Performance & Track Record Highlights
- Financing and balance sheet actions during tenure: closed a $3.0mm equity financing in May 2025 including strategic investor Equinox Partners; executed property sale transactions and repayments of related-party debt (broader company milestones) .
- Stockholder outcomes: TSR metric in the pay-versus-performance table suggests volatility; $100 invested in Aug 2022 stood at $42.06 by FY2025 vs $36.56 in FY2024 .
- Profitability: Continued net losses of ($3.26)mm (FY2025) and ($3.57)mm (FY2024), consistent with exploration-stage profile .

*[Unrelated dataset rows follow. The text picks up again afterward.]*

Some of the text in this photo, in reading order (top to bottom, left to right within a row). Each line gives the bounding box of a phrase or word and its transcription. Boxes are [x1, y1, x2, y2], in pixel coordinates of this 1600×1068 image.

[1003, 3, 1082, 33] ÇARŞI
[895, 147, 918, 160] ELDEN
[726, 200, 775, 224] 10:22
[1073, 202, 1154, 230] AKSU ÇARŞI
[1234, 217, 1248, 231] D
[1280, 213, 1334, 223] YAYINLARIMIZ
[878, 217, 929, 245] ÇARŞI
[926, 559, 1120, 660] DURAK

Compensation Peer Group, Say-on-Pay
- No peer group or outside compensation consultant disclosed; pay reviewed by the full board without formal objectives/criteria .

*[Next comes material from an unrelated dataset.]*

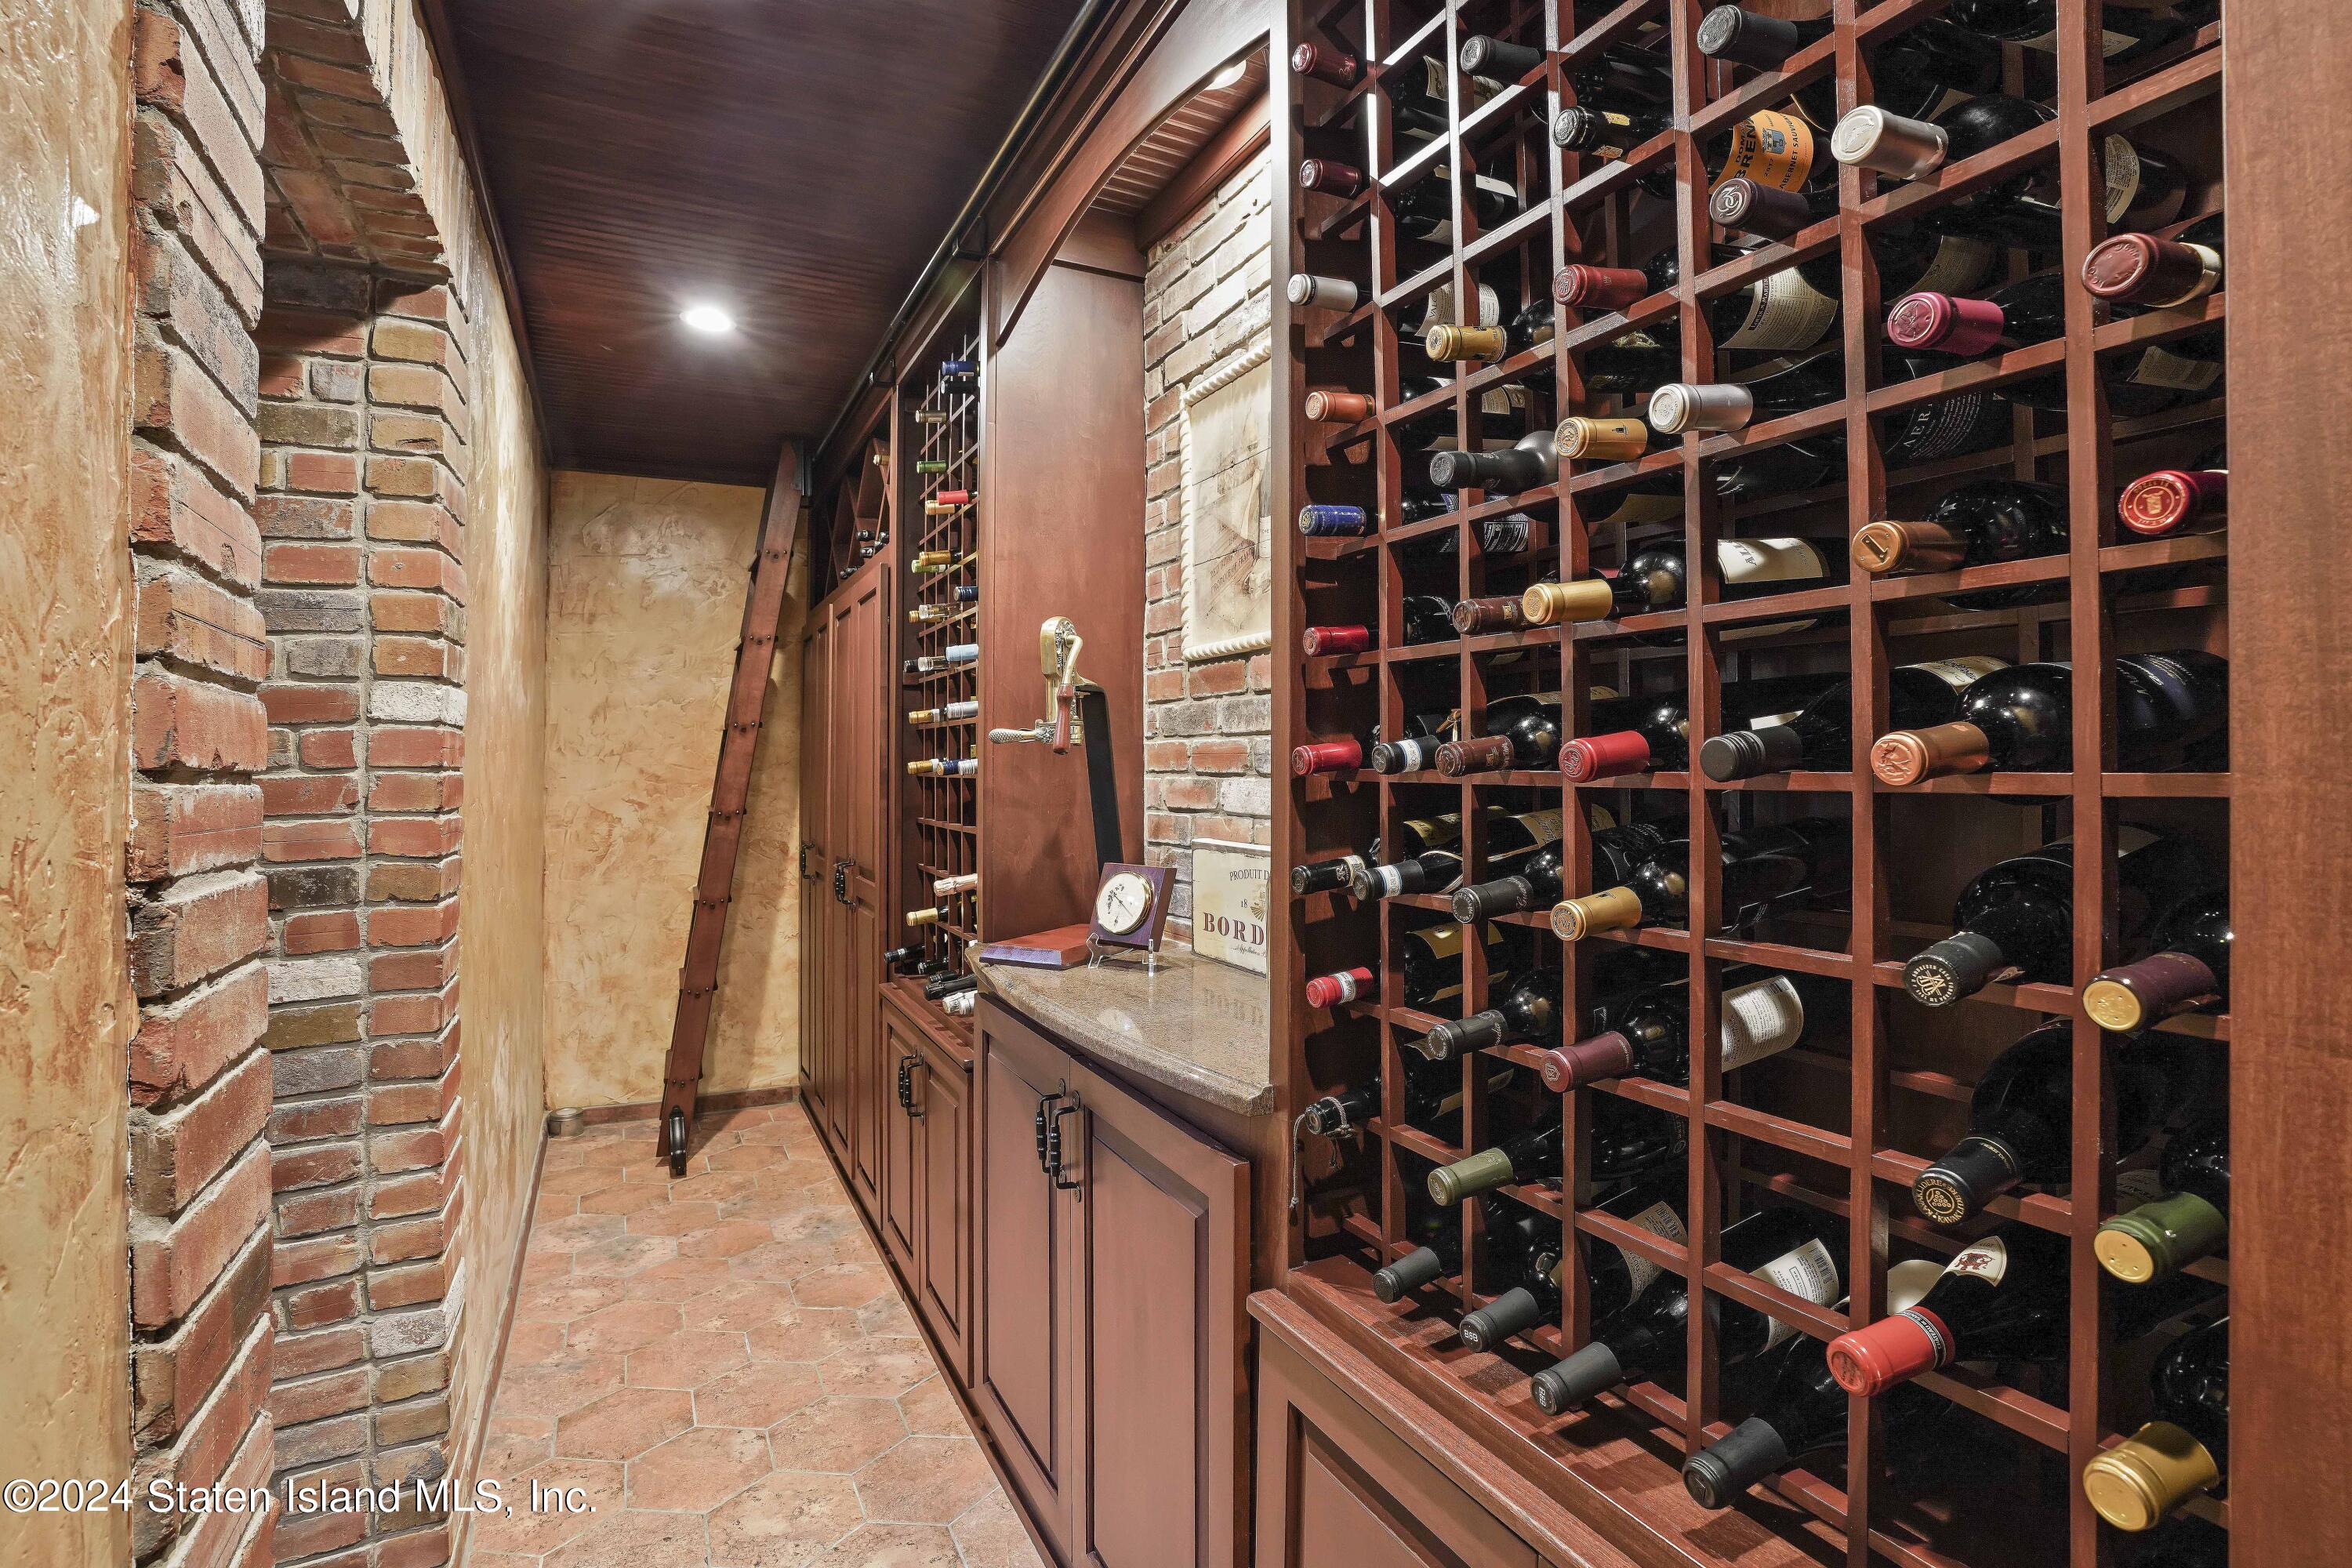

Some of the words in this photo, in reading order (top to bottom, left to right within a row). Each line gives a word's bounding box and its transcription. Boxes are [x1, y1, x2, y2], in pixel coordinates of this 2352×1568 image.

[1779, 151, 1798, 189] ABERNET
[1229, 869, 1262, 881] PRODUIT
[1241, 898, 1248, 909] 18
[1203, 912, 1265, 946] BORD

- Advisory say-on-pay proposal to be voted at the FY2025 annual meeting (non-binding) .
Investment Implications
- Alignment: Material equity ownership (6.09%) and significant in-the-money options align Mullin with shareholders on upside; however, immediate vesting and a large option stack can create near-term selling overhang if liquidity is available .
- Governance risk: Absence of a compensation committee, fully discretionary incentive design, and immediate-vest equity reduce explicit pay-for-performance rigor; investors should scrutinize future grant cadence and LTIP use of PSUs to strengthen alignment .
- Retention/CoC economics: Market-cap-triggered additional compensation and full award acceleration on CoC are meaningful; in strategic scenarios these could amplify payouts. Balance this with the need to retain a part-time (50%) CEO with sector M&A experience to unlock asset value .
- Trading signals: In-the-money $0.10 options (vs FY2025 year-end $0.17) increase the probability of option exercises; monitor Form 4s and liquidity events around catalysts (legal permitting, financings, asset sales) for potential insider selling/pressure .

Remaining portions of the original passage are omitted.